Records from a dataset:
┏━━

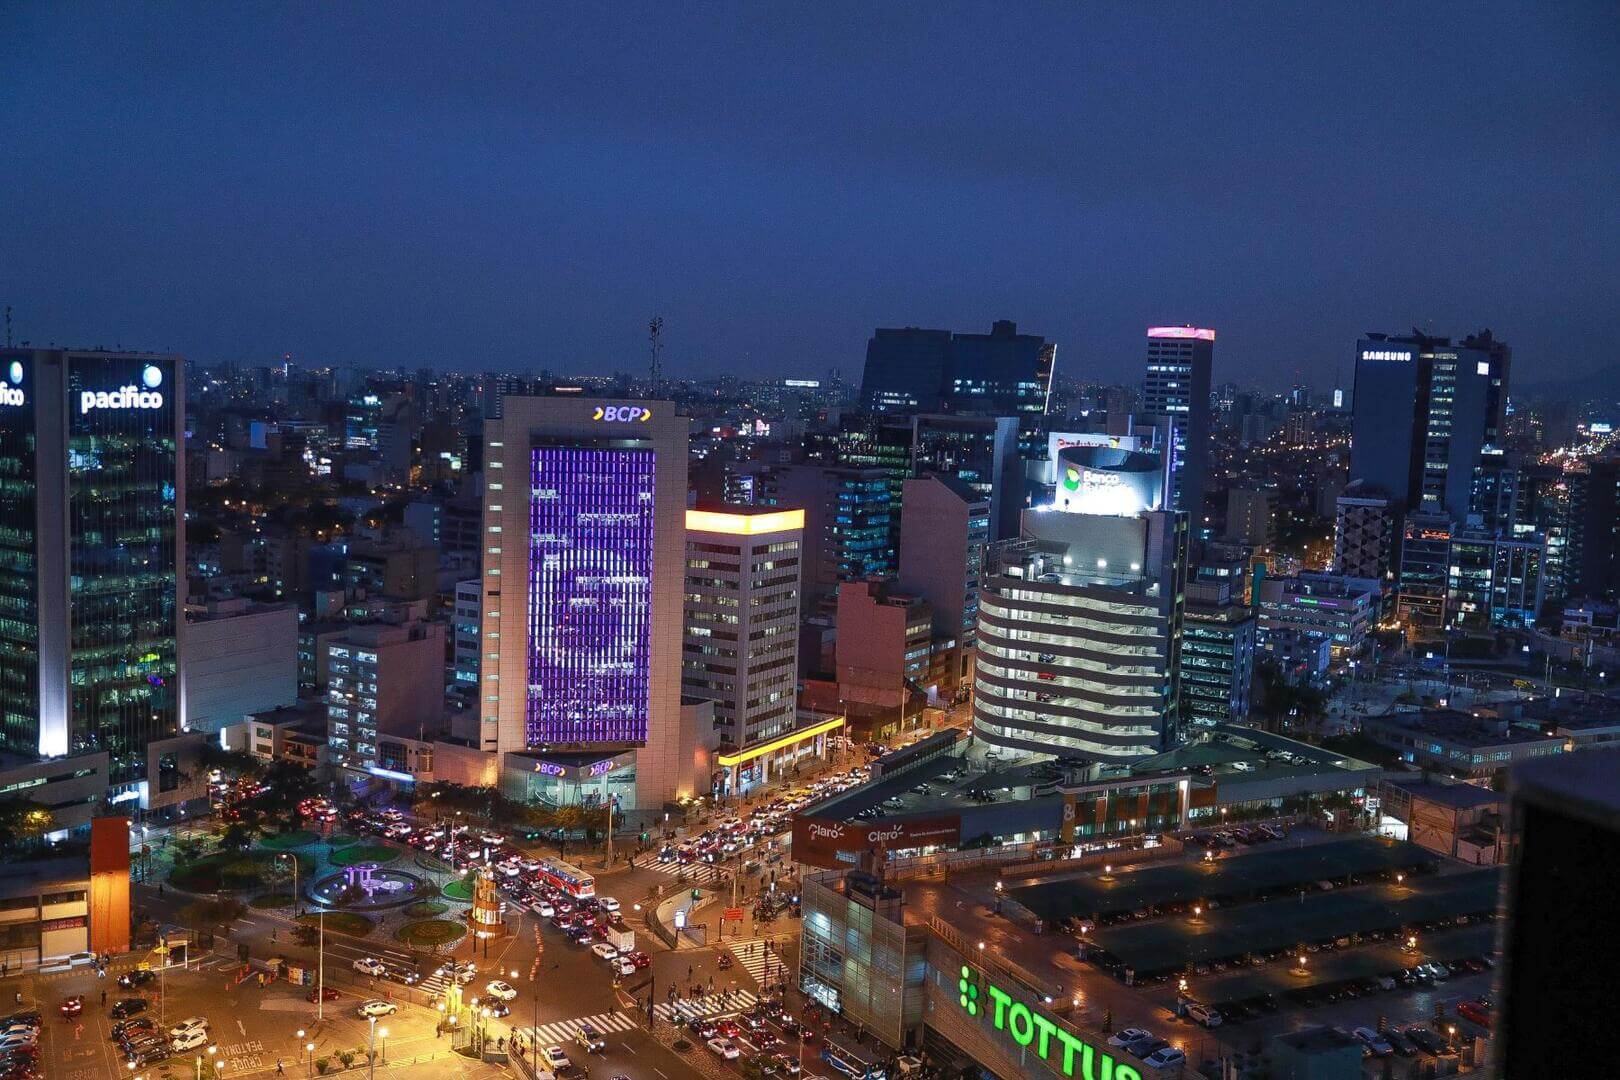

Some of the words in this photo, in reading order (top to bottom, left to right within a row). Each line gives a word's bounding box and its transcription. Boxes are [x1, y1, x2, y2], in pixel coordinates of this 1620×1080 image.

[1362, 350, 1411, 361] SAMSUNG
[81, 385, 163, 414] pacifico
[604, 406, 642, 422] BCP
[540, 763, 561, 776] BCP
[808, 823, 839, 839] Claro
[868, 829, 899, 843] Claro
[231, 1053, 263, 1071] CRUCE

┗━━

## Problem requirements
Copy every line above exactly; images stay out.

## Output of the exercise
Some of the words in this photo, in reading order (top to bottom, left to right within a row). Each line gives a word's bounding box and its transcription. Boxes are [x1, y1, x2, y2], in pixel coordinates of this 1620×1080 image.

[1362, 350, 1411, 361] SAMSUNG
[81, 385, 163, 414] pacifico
[604, 406, 642, 422] BCP
[540, 763, 561, 776] BCP
[808, 823, 839, 839] Claro
[868, 829, 899, 843] Claro
[231, 1053, 263, 1071] CRUCE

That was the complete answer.